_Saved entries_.
○ ○ ○
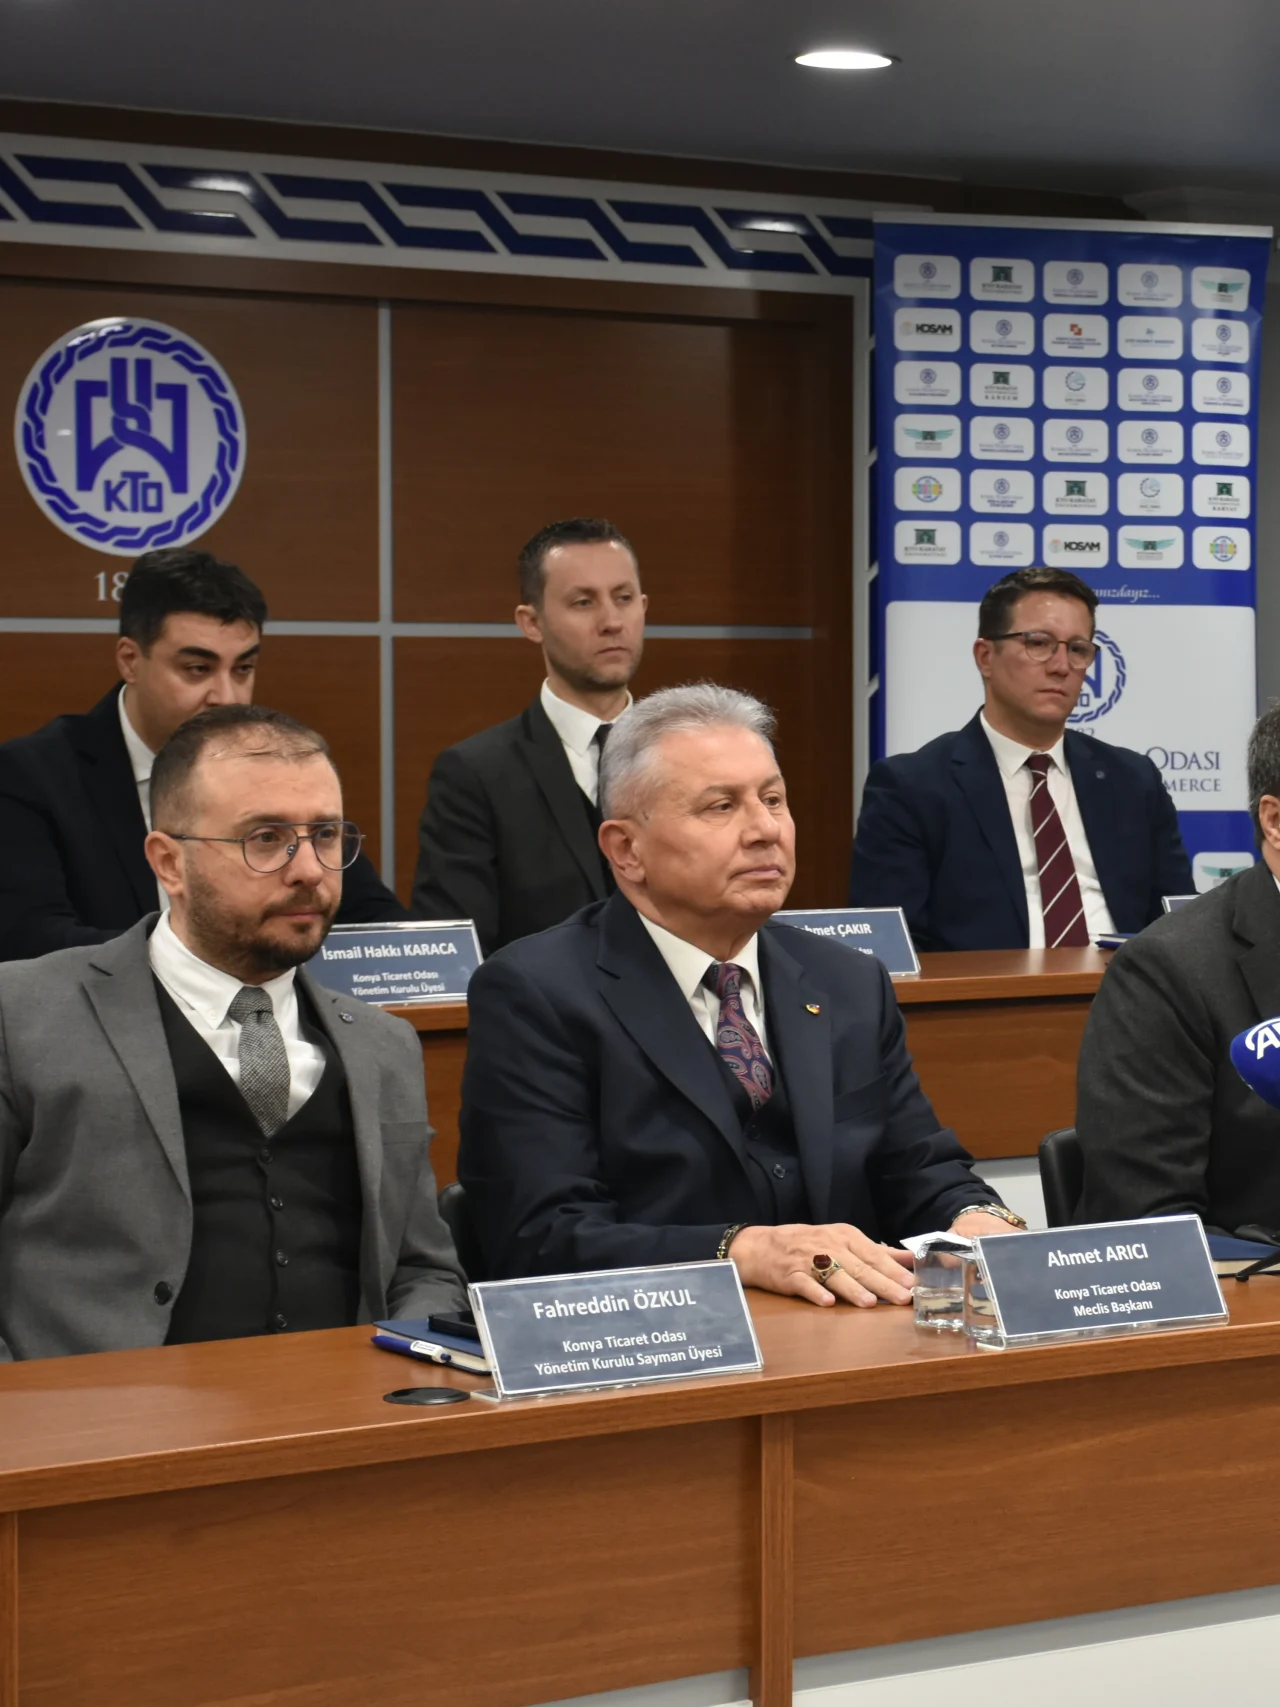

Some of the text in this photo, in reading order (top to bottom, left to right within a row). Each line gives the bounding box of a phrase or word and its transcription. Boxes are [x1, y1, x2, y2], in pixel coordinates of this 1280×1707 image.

[916, 323, 952, 334] KOSAM
[104, 471, 163, 513] KTO
[1064, 540, 1100, 552] KOSAM
[94, 572, 127, 601] 18
[1164, 778, 1221, 792] MERCE
[794, 923, 873, 937] hmet ÇAKIR
[321, 942, 458, 960] İsmail Hakkı KARACA
[352, 970, 438, 984] Konya Ticaret Odası
[352, 981, 446, 998] Yönetim Kurulu Üyesi
[1048, 1243, 1149, 1268] Ahmet ARICI
[1054, 1280, 1162, 1302] Konya Ticaret Odası
[533, 1288, 696, 1320] Fahreddin ÖZKUL
[1074, 1300, 1153, 1317] Meclis Başkanı
[562, 1330, 687, 1354] Konya Ticaret Odası
[534, 1346, 722, 1376] Yönetim Kurulu Sayman Üyesi
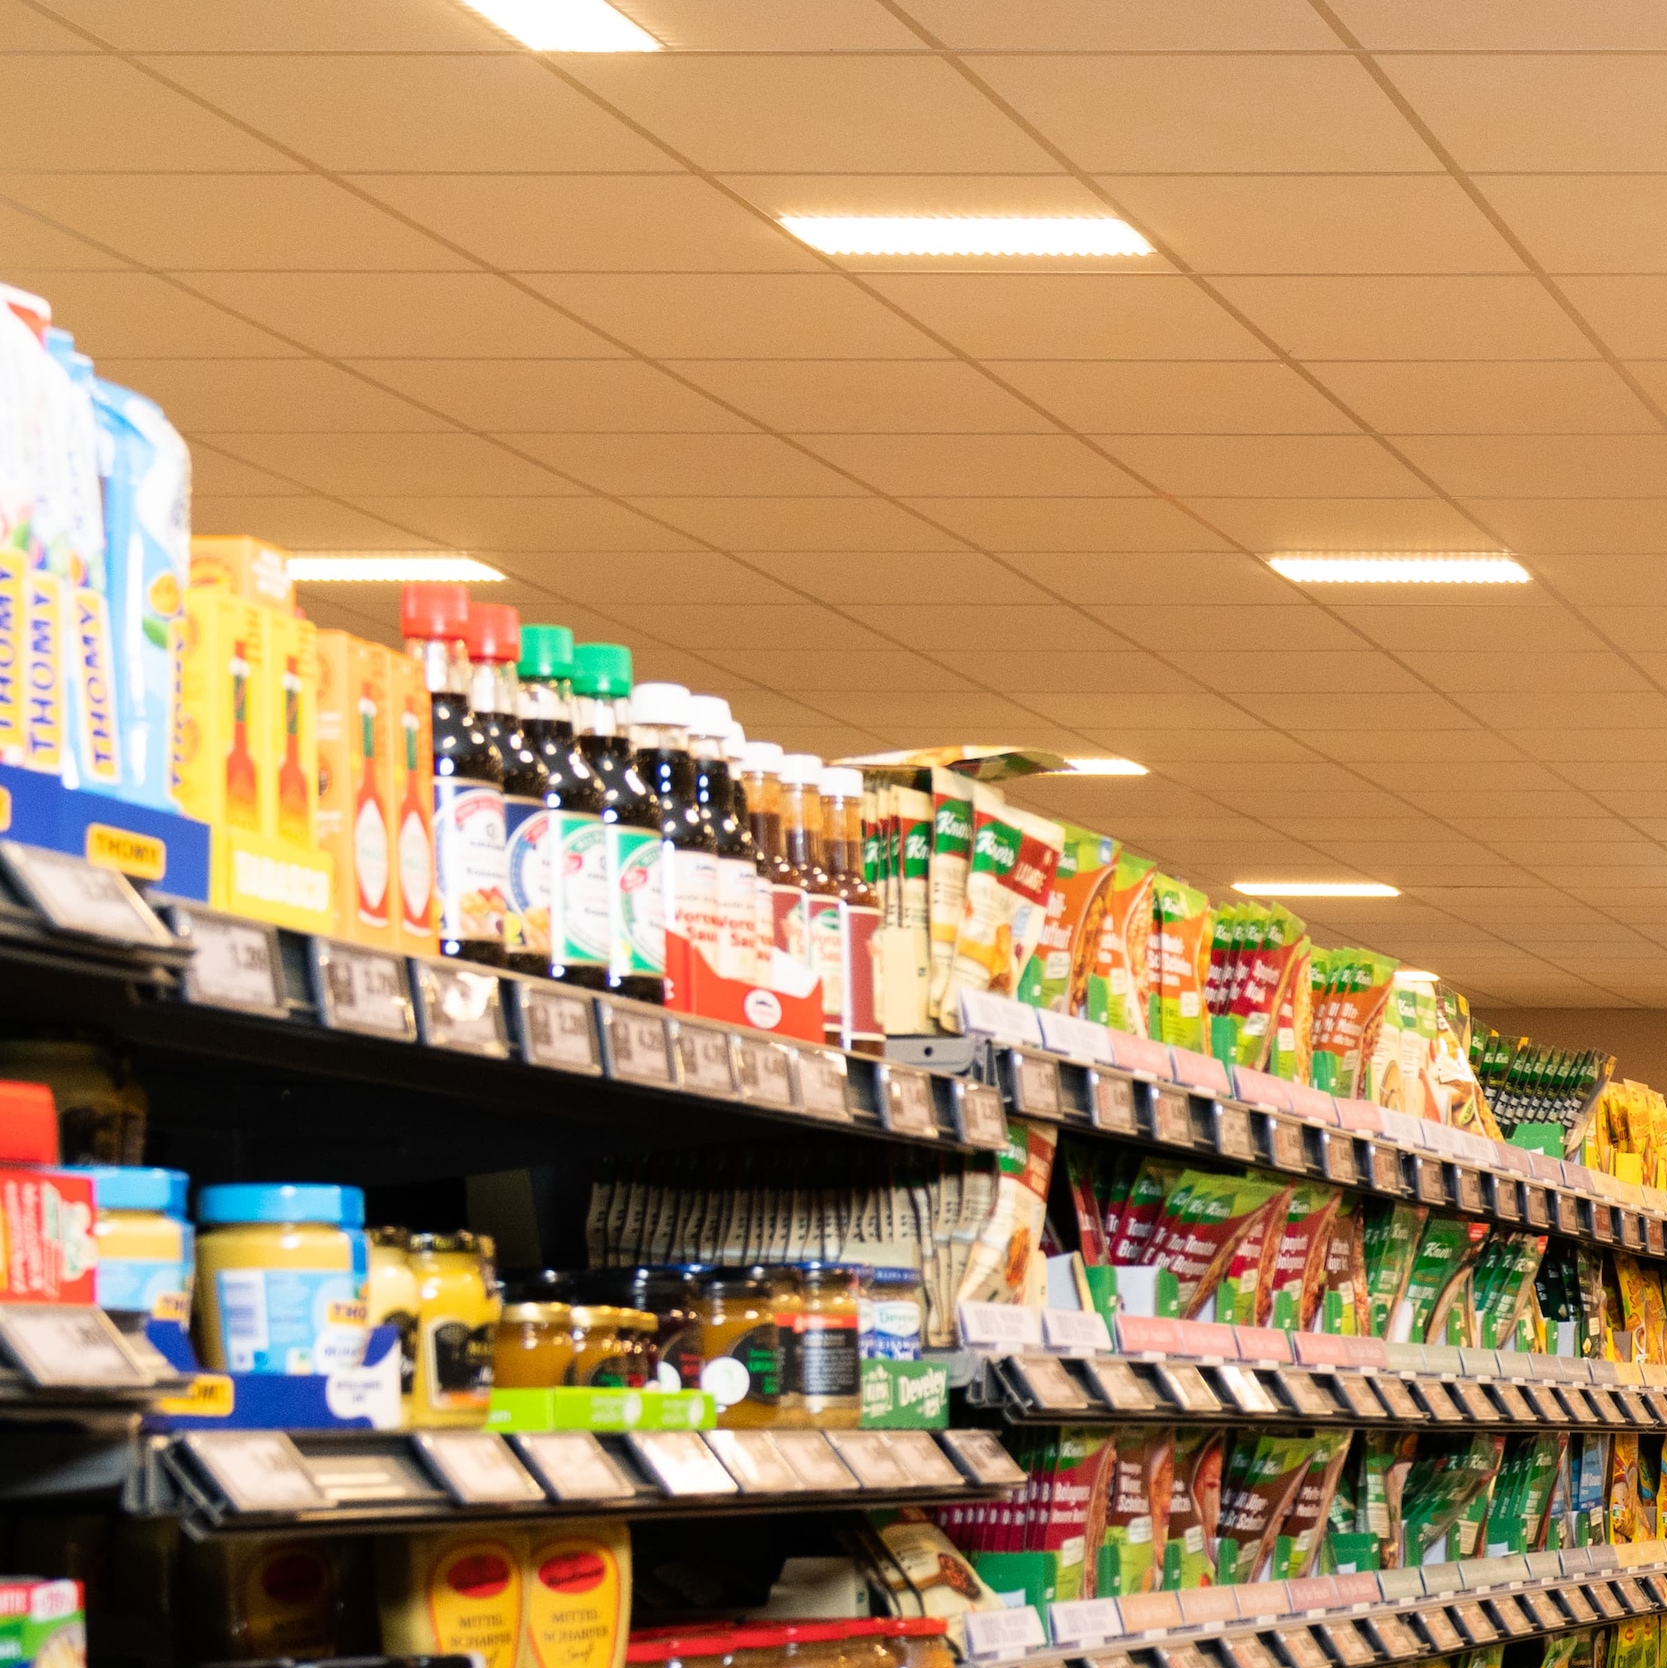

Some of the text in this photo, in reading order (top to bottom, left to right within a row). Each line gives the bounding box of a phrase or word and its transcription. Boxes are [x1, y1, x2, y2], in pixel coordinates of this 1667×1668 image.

[30, 593, 55, 753] THOMY
[80, 605, 112, 764] THOMY
[976, 830, 1016, 866] Knorr
[1423, 1242, 1452, 1258] Knorr
[900, 1370, 947, 1406] Develey
○ ○ ○
_What is required_. Only the text of the records above, copied exactly, should be returned; the pictures stay out.

_Solution to this exercise_.
Some of the text in this photo, in reading order (top to bottom, left to right within a row). Each line gives the bounding box of a phrase or word and its transcription. Boxes are [x1, y1, x2, y2], in pixel coordinates of this 1280×1707 image.

[916, 323, 952, 334] KOSAM
[104, 471, 163, 513] KTO
[1064, 540, 1100, 552] KOSAM
[94, 572, 127, 601] 18
[1164, 778, 1221, 792] MERCE
[794, 923, 873, 937] hmet ÇAKIR
[321, 942, 458, 960] İsmail Hakkı KARACA
[352, 970, 438, 984] Konya Ticaret Odası
[352, 981, 446, 998] Yönetim Kurulu Üyesi
[1048, 1243, 1149, 1268] Ahmet ARICI
[1054, 1280, 1162, 1302] Konya Ticaret Odası
[533, 1288, 696, 1320] Fahreddin ÖZKUL
[1074, 1300, 1153, 1317] Meclis Başkanı
[562, 1330, 687, 1354] Konya Ticaret Odası
[534, 1346, 722, 1376] Yönetim Kurulu Sayman Üyesi

Some of the text in this photo, in reading order (top to bottom, left to right within a row). Each line gives the bounding box of a phrase or word and its transcription. Boxes are [x1, y1, x2, y2], in pixel coordinates of this 1667×1668 image.

[30, 593, 55, 753] THOMY
[80, 605, 112, 764] THOMY
[976, 830, 1016, 866] Knorr
[1423, 1242, 1452, 1258] Knorr
[900, 1370, 947, 1406] Develey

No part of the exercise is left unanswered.